It has opened up a whole new experience for me!
Erle


----------



## Mike P. (Apr 6, 2007)

It's good to hear that there is another happy owner! :T Just curious, have you ever run REW software?


----------



## epereira (May 12, 2008)

Hi Mike:

No, I have not used REW but have used the Velodyne SMS-1 and Anti-Mode 8033 prior to trying the NeptuneEQ. This has both beat hands-down! 

Erle


----------



## Sonnie (Apr 11, 2006)

Congrats Erle... :T

That looks like a jam up system you got yourself.


----------



## thewire (Jun 28, 2007)

That is a great setup. I like the Klipsch and the Marantz espicially. It sounds like you took your system to a whole new level. Congrats. :T


----------



## epereira (May 12, 2008)

Thanks guys - I like it a lot right now but am sure the upgrade bug will bite again in the future 
Erle


----------



## neptuneEQ (Dec 22, 2008)

Hi Erle, :wave: So glad to hear you like our EQ! And of course appreciate your purchase and kind words.

Sonnie has graciously offered to run the REW software on some equipment, and then repeating after applying the neptuneEQ. I would love to see the results of that. I plan to work with him in the next month.

I spoke with Bob Hodas, and will reply to the thread about his review next, but I was pleased with what he had to say.

Happy new year from Neptune Audio, everyone!


----------



## Anthony (Oct 5, 2006)

Erle, did you use Source Direct mode or just make sure all DSP modes were just off?

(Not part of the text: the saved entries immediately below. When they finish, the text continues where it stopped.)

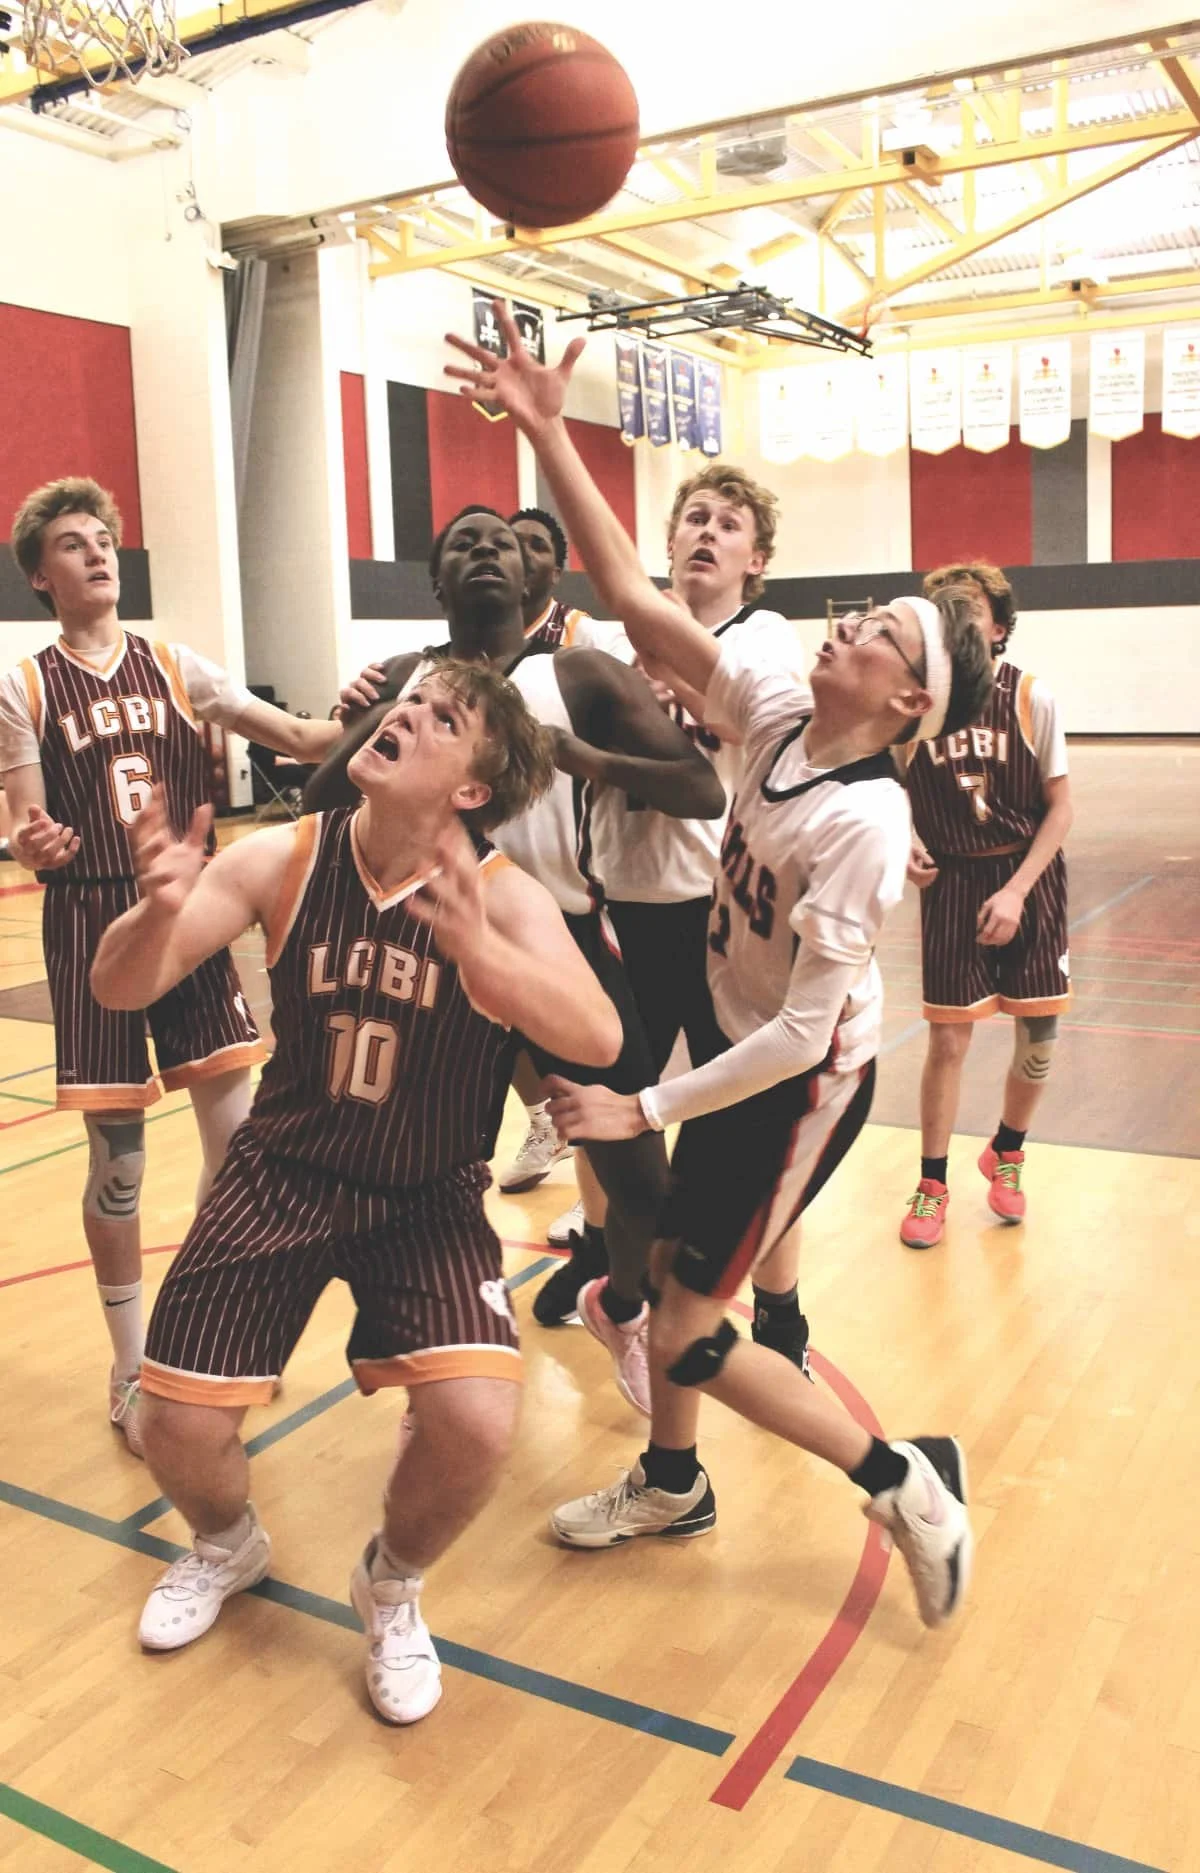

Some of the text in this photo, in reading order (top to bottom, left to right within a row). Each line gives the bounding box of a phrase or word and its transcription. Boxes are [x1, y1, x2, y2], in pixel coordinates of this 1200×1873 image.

[58, 693, 168, 755] LCBI
[924, 726, 1008, 765] LCBI
[109, 752, 153, 829] 6
[307, 936, 440, 1010] LCBI
[325, 1010, 401, 1107] 10
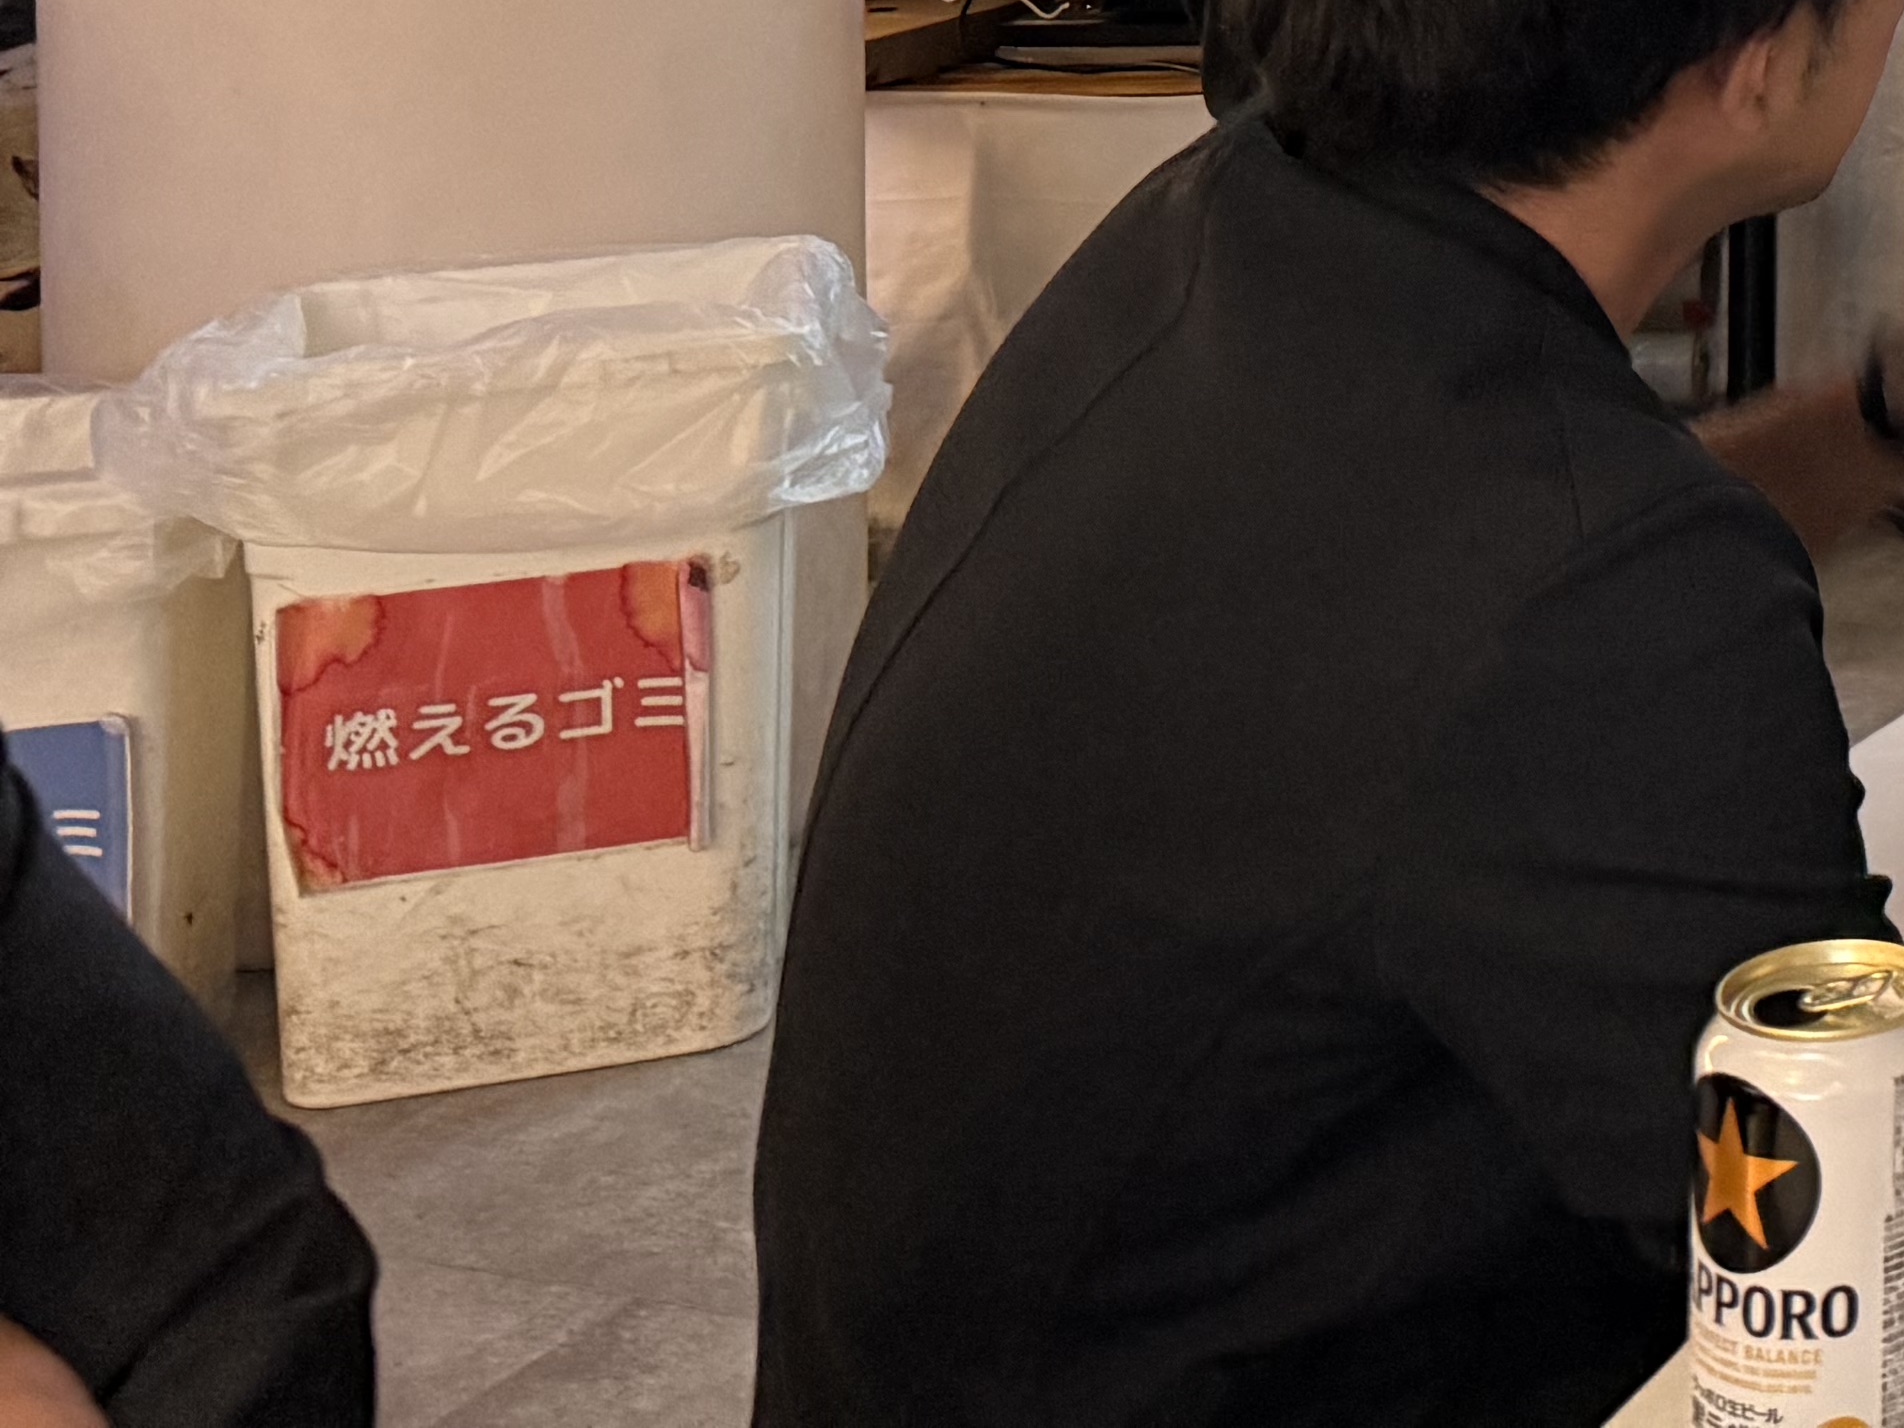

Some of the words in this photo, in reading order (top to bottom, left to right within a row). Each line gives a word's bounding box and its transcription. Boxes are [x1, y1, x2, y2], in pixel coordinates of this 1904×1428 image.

[325, 677, 686, 772] 燃えるゴミ
[1692, 1259, 1860, 1341] PPORO
[1744, 1347, 1824, 1366] BALANCE

I have a Marantz SR-18 that I'm using as a preamp, so I know I'm going to have to play around with the different settings to make sure I'm not doubling up on the crossover. I may not have any choice (I think it's fixed at 80Hz in this particular unit).


----------



## epereira (May 12, 2008)

Hi Anthony:

I did not use any source direct - not sure if I have that available in my unit (will have to check). I did not disable any DSPs - just set the speaker distances to "0" and levels to "0" so that the NeptuneEQ unit sets them. Regarding crossovers, I set all speakers to "LARGE", SUB = YES and again, let the NeptuneEQ determine the crossover settings. It got it pretty close to what was recommended by Klipsch and THX (i.e. it set it at 78Hz).
Good luck,
Erle


----------



## mcallister (Feb 25, 2007)

So how exactly do you hook this up? Do you have to buy 7 more interconnects to place between your pre/pro and amp? What if you were just using a reciever? Curious as this piece looks very intriguing although out of my price range in the current economic times.


----------



## epereira (May 12, 2008)

Yes, you would need another set of interconnect cables. 

As mentioned in the online manual: "The NeptuneEQ is designed to connect between the preamplifier and power amplifier. It can also be used with high end receivers where preamp out and poweramp in connections are supplied."


----------



## neptuneEQ (Dec 22, 2008)

Hello Mike,

Yes, the neptuneEQ is designed to go between a pre-pro and the power amps so you would need 7 additional cables, either balanced XLR or unbalanced RCA, plus another cable (of either type) for the subwoofer channel. We are looking into getting some high quality cables made which we will sell as an accessory at a reasonable price.

We understand that some people are concerned about the additional A/D/A conversions, but unfortunately until manufacturers of receivers or pre-pros start putting digital audio out and in jacks on their units, it's difficult to do it any other way. We were mindful of this however, so we used the best codecs we could find to perform the conversions, as you can see from examining the specs.

As for the economic times, yes, sadly that is affecting us all. It's terrible that so many Americans are suffering; all the more so since this situation was out of their control, and it still is. I hope you will keep us in mind when things improve, which of course we hope will be very soon.

Ken


----------